SUPPLIED DATA Block Start
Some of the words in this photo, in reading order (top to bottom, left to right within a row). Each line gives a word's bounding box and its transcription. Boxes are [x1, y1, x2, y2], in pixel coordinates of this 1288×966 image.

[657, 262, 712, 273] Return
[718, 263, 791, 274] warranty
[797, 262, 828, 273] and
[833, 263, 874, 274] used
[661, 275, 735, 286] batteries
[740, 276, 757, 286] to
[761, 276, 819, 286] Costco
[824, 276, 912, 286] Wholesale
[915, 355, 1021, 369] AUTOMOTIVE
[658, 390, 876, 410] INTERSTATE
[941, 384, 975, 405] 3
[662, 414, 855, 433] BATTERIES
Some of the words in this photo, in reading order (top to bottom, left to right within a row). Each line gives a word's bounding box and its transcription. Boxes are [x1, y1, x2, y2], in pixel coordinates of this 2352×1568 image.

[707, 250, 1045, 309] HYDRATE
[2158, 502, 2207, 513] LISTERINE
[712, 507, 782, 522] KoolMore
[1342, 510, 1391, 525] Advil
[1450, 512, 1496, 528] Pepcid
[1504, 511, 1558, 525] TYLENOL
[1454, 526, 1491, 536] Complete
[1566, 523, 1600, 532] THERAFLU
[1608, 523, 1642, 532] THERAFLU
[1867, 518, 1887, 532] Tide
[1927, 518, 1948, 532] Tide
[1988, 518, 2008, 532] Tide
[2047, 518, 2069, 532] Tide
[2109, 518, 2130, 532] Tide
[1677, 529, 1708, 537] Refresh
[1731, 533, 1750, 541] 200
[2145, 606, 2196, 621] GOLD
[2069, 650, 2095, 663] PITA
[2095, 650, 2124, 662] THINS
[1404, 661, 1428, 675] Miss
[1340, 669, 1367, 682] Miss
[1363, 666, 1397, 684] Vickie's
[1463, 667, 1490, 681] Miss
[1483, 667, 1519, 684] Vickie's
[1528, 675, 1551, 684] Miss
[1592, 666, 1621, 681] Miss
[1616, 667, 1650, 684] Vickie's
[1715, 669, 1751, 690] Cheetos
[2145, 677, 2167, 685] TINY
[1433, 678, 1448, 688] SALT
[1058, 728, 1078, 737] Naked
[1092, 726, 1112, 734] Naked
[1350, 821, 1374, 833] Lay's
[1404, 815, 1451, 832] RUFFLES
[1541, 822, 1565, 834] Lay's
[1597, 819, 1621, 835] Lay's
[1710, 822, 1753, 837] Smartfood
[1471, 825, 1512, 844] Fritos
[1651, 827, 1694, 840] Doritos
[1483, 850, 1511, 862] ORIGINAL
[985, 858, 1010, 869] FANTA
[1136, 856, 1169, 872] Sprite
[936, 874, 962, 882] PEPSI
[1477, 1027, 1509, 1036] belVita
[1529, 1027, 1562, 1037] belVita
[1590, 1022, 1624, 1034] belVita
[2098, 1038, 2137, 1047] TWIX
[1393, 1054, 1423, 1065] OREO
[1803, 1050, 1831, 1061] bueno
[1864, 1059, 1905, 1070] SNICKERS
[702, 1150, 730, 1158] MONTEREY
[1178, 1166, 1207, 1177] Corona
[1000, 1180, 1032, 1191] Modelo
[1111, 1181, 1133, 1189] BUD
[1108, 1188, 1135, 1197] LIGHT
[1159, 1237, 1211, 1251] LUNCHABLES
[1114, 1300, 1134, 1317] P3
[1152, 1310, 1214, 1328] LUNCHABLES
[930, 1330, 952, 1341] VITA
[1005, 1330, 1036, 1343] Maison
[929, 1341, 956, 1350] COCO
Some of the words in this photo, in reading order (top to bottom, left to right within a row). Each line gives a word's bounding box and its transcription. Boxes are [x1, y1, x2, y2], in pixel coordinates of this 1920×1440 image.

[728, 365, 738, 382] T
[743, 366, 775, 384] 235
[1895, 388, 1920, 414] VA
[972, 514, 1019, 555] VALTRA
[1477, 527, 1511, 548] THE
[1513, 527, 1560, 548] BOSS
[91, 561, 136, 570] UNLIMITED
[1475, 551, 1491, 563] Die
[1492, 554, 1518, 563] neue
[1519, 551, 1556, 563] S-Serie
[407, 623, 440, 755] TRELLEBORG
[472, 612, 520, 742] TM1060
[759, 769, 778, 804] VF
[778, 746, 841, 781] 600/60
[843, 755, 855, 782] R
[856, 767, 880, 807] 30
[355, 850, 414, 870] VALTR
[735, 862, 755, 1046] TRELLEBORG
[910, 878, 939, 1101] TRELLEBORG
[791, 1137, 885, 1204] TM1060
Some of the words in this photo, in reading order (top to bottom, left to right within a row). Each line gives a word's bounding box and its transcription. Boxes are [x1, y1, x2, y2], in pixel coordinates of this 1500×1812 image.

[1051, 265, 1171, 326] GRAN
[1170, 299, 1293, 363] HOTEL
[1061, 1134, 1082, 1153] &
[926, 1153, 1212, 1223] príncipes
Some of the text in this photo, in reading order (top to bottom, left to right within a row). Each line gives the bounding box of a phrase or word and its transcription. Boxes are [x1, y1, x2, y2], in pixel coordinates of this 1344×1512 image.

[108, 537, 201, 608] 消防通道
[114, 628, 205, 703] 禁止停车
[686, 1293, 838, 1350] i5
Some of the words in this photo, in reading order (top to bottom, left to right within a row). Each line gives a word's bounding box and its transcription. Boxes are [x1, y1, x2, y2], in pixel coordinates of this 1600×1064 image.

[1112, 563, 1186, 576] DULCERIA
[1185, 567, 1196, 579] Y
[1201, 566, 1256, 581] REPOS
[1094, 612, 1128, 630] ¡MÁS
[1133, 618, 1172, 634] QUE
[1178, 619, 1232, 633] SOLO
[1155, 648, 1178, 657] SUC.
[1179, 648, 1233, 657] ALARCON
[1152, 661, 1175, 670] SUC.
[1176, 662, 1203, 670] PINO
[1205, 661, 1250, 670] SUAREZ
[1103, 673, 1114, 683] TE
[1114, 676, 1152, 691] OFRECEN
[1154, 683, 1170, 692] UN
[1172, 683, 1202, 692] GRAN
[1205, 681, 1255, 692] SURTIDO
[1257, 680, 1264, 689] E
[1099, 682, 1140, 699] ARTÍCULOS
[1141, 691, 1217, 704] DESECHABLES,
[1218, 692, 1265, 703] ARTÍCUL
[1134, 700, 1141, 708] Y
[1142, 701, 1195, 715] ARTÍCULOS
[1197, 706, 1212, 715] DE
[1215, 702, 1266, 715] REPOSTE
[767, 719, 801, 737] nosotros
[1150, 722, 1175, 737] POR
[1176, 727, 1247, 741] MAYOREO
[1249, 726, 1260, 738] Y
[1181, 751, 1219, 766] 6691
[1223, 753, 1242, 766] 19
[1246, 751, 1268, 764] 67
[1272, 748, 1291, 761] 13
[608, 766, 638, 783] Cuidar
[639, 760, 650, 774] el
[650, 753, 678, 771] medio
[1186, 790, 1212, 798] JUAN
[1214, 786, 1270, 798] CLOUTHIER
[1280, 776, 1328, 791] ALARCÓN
SUPPLIED DATA Block End
TASK ITEM ::
The records above are to be repeated in full, word for word.

SOLUTION TO THIS PROBLEM ::
Some of the words in this photo, in reading order (top to bottom, left to right within a row). Each line gives a word's bounding box and its transcription. Boxes are [x1, y1, x2, y2], in pixel coordinates of this 1288×966 image.

[657, 262, 712, 273] Return
[718, 263, 791, 274] warranty
[797, 262, 828, 273] and
[833, 263, 874, 274] used
[661, 275, 735, 286] batteries
[740, 276, 757, 286] to
[761, 276, 819, 286] Costco
[824, 276, 912, 286] Wholesale
[915, 355, 1021, 369] AUTOMOTIVE
[658, 390, 876, 410] INTERSTATE
[941, 384, 975, 405] 3
[662, 414, 855, 433] BATTERIES
Some of the words in this photo, in reading order (top to bottom, left to right within a row). Each line gives a word's bounding box and its transcription. Boxes are [x1, y1, x2, y2], in pixel coordinates of this 2352×1568 image.

[707, 250, 1045, 309] HYDRATE
[2158, 502, 2207, 513] LISTERINE
[712, 507, 782, 522] KoolMore
[1342, 510, 1391, 525] Advil
[1450, 512, 1496, 528] Pepcid
[1504, 511, 1558, 525] TYLENOL
[1454, 526, 1491, 536] Complete
[1566, 523, 1600, 532] THERAFLU
[1608, 523, 1642, 532] THERAFLU
[1867, 518, 1887, 532] Tide
[1927, 518, 1948, 532] Tide
[1988, 518, 2008, 532] Tide
[2047, 518, 2069, 532] Tide
[2109, 518, 2130, 532] Tide
[1677, 529, 1708, 537] Refresh
[1731, 533, 1750, 541] 200
[2145, 606, 2196, 621] GOLD
[2069, 650, 2095, 663] PITA
[2095, 650, 2124, 662] THINS
[1404, 661, 1428, 675] Miss
[1340, 669, 1367, 682] Miss
[1363, 666, 1397, 684] Vickie's
[1463, 667, 1490, 681] Miss
[1483, 667, 1519, 684] Vickie's
[1528, 675, 1551, 684] Miss
[1592, 666, 1621, 681] Miss
[1616, 667, 1650, 684] Vickie's
[1715, 669, 1751, 690] Cheetos
[2145, 677, 2167, 685] TINY
[1433, 678, 1448, 688] SALT
[1058, 728, 1078, 737] Naked
[1092, 726, 1112, 734] Naked
[1350, 821, 1374, 833] Lay's
[1404, 815, 1451, 832] RUFFLES
[1541, 822, 1565, 834] Lay's
[1597, 819, 1621, 835] Lay's
[1710, 822, 1753, 837] Smartfood
[1471, 825, 1512, 844] Fritos
[1651, 827, 1694, 840] Doritos
[1483, 850, 1511, 862] ORIGINAL
[985, 858, 1010, 869] FANTA
[1136, 856, 1169, 872] Sprite
[936, 874, 962, 882] PEPSI
[1477, 1027, 1509, 1036] belVita
[1529, 1027, 1562, 1037] belVita
[1590, 1022, 1624, 1034] belVita
[2098, 1038, 2137, 1047] TWIX
[1393, 1054, 1423, 1065] OREO
[1803, 1050, 1831, 1061] bueno
[1864, 1059, 1905, 1070] SNICKERS
[702, 1150, 730, 1158] MONTEREY
[1178, 1166, 1207, 1177] Corona
[1000, 1180, 1032, 1191] Modelo
[1111, 1181, 1133, 1189] BUD
[1108, 1188, 1135, 1197] LIGHT
[1159, 1237, 1211, 1251] LUNCHABLES
[1114, 1300, 1134, 1317] P3
[1152, 1310, 1214, 1328] LUNCHABLES
[930, 1330, 952, 1341] VITA
[1005, 1330, 1036, 1343] Maison
[929, 1341, 956, 1350] COCO
Some of the words in this photo, in reading order (top to bottom, left to right within a row). Each line gives a word's bounding box and its transcription. Boxes are [x1, y1, x2, y2], in pixel coordinates of this 1920×1440 image.

[728, 365, 738, 382] T
[743, 366, 775, 384] 235
[1895, 388, 1920, 414] VA
[972, 514, 1019, 555] VALTRA
[1477, 527, 1511, 548] THE
[1513, 527, 1560, 548] BOSS
[91, 561, 136, 570] UNLIMITED
[1475, 551, 1491, 563] Die
[1492, 554, 1518, 563] neue
[1519, 551, 1556, 563] S-Serie
[407, 623, 440, 755] TRELLEBORG
[472, 612, 520, 742] TM1060
[759, 769, 778, 804] VF
[778, 746, 841, 781] 600/60
[843, 755, 855, 782] R
[856, 767, 880, 807] 30
[355, 850, 414, 870] VALTR
[735, 862, 755, 1046] TRELLEBORG
[910, 878, 939, 1101] TRELLEBORG
[791, 1137, 885, 1204] TM1060
Some of the words in this photo, in reading order (top to bottom, left to right within a row). Each line gives a word's bounding box and its transcription. Boxes are [x1, y1, x2, y2], in pixel coordinates of this 1500×1812 image.

[1051, 265, 1171, 326] GRAN
[1170, 299, 1293, 363] HOTEL
[1061, 1134, 1082, 1153] &
[926, 1153, 1212, 1223] príncipes
Some of the text in this photo, in reading order (top to bottom, left to right within a row). Each line gives the bounding box of a phrase or word and its transcription. Boxes are [x1, y1, x2, y2], in pixel coordinates of this 1344×1512 image.

[108, 537, 201, 608] 消防通道
[114, 628, 205, 703] 禁止停车
[686, 1293, 838, 1350] i5
Some of the words in this photo, in reading order (top to bottom, left to right within a row). Each line gives a word's bounding box and its transcription. Boxes are [x1, y1, x2, y2], in pixel coordinates of this 1600×1064 image.

[1112, 563, 1186, 576] DULCERIA
[1185, 567, 1196, 579] Y
[1201, 566, 1256, 581] REPOS
[1094, 612, 1128, 630] ¡MÁS
[1133, 618, 1172, 634] QUE
[1178, 619, 1232, 633] SOLO
[1155, 648, 1178, 657] SUC.
[1179, 648, 1233, 657] ALARCON
[1152, 661, 1175, 670] SUC.
[1176, 662, 1203, 670] PINO
[1205, 661, 1250, 670] SUAREZ
[1103, 673, 1114, 683] TE
[1114, 676, 1152, 691] OFRECEN
[1154, 683, 1170, 692] UN
[1172, 683, 1202, 692] GRAN
[1205, 681, 1255, 692] SURTIDO
[1257, 680, 1264, 689] E
[1099, 682, 1140, 699] ARTÍCULOS
[1141, 691, 1217, 704] DESECHABLES,
[1218, 692, 1265, 703] ARTÍCUL
[1134, 700, 1141, 708] Y
[1142, 701, 1195, 715] ARTÍCULOS
[1197, 706, 1212, 715] DE
[1215, 702, 1266, 715] REPOSTE
[767, 719, 801, 737] nosotros
[1150, 722, 1175, 737] POR
[1176, 727, 1247, 741] MAYOREO
[1249, 726, 1260, 738] Y
[1181, 751, 1219, 766] 6691
[1223, 753, 1242, 766] 19
[1246, 751, 1268, 764] 67
[1272, 748, 1291, 761] 13
[608, 766, 638, 783] Cuidar
[639, 760, 650, 774] el
[650, 753, 678, 771] medio
[1186, 790, 1212, 798] JUAN
[1214, 786, 1270, 798] CLOUTHIER
[1280, 776, 1328, 791] ALARCÓN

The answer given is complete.